Records for processing section start
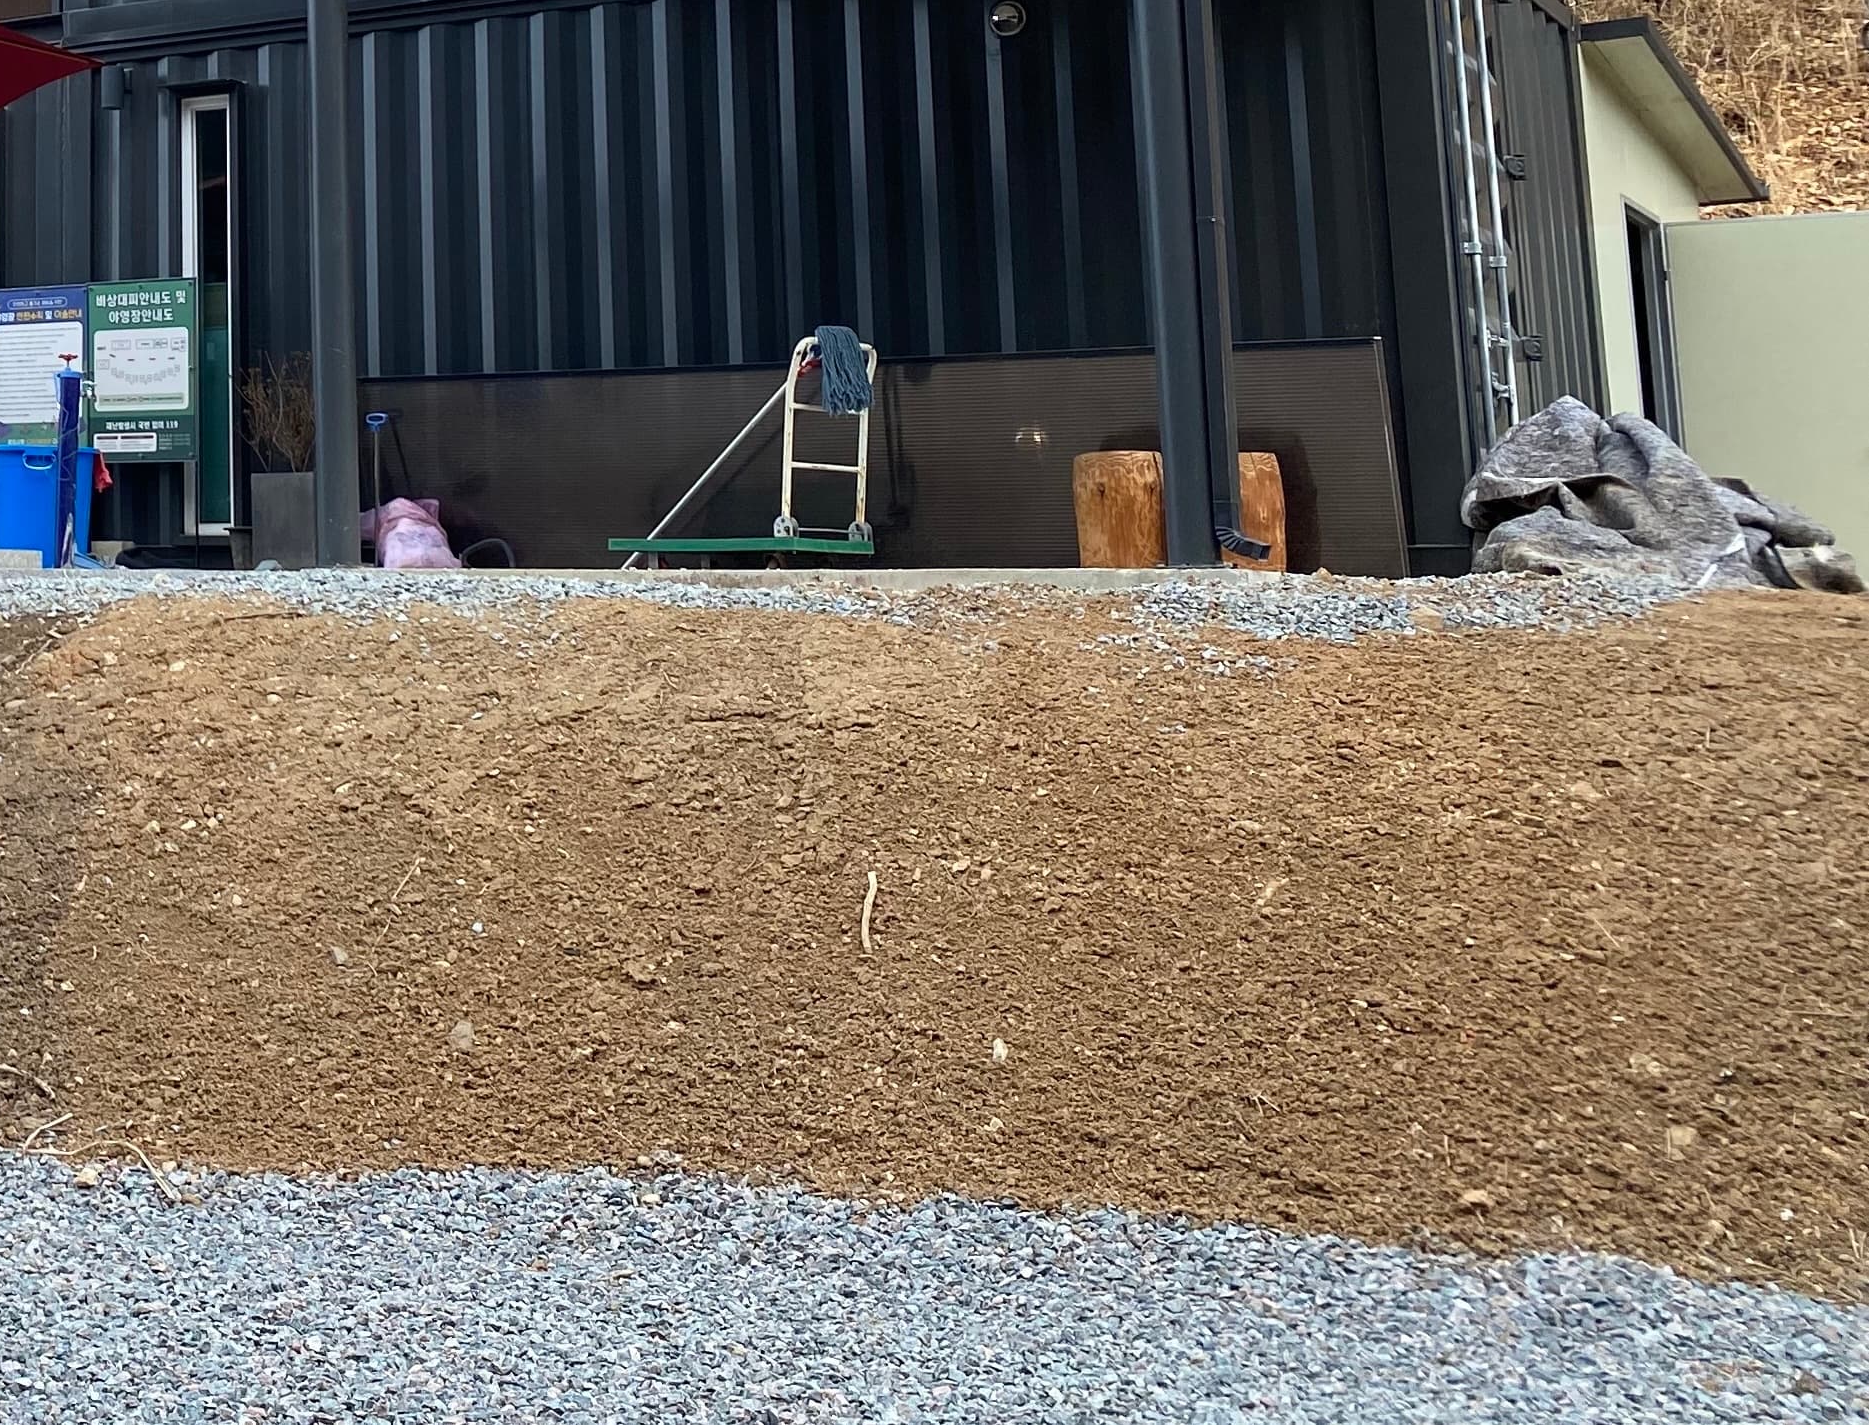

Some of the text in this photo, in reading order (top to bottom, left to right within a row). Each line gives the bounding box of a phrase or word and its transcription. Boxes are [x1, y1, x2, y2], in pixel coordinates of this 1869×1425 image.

[95, 290, 186, 307] 비상대피안내도 및
[44, 310, 53, 320] 및
[108, 308, 174, 324] 야영장안내도
[165, 420, 179, 429] 119
Records for processing section end
→ Problem description
Print out the material verbatim, skipping pictures.

→ Reply
Some of the text in this photo, in reading order (top to bottom, left to right within a row). Each line gives the bounding box of a phrase or word and its transcription. Boxes are [x1, y1, x2, y2], in pixel coordinates of this 1869×1425 image.

[95, 290, 186, 307] 비상대피안내도 및
[44, 310, 53, 320] 및
[108, 308, 174, 324] 야영장안내도
[165, 420, 179, 429] 119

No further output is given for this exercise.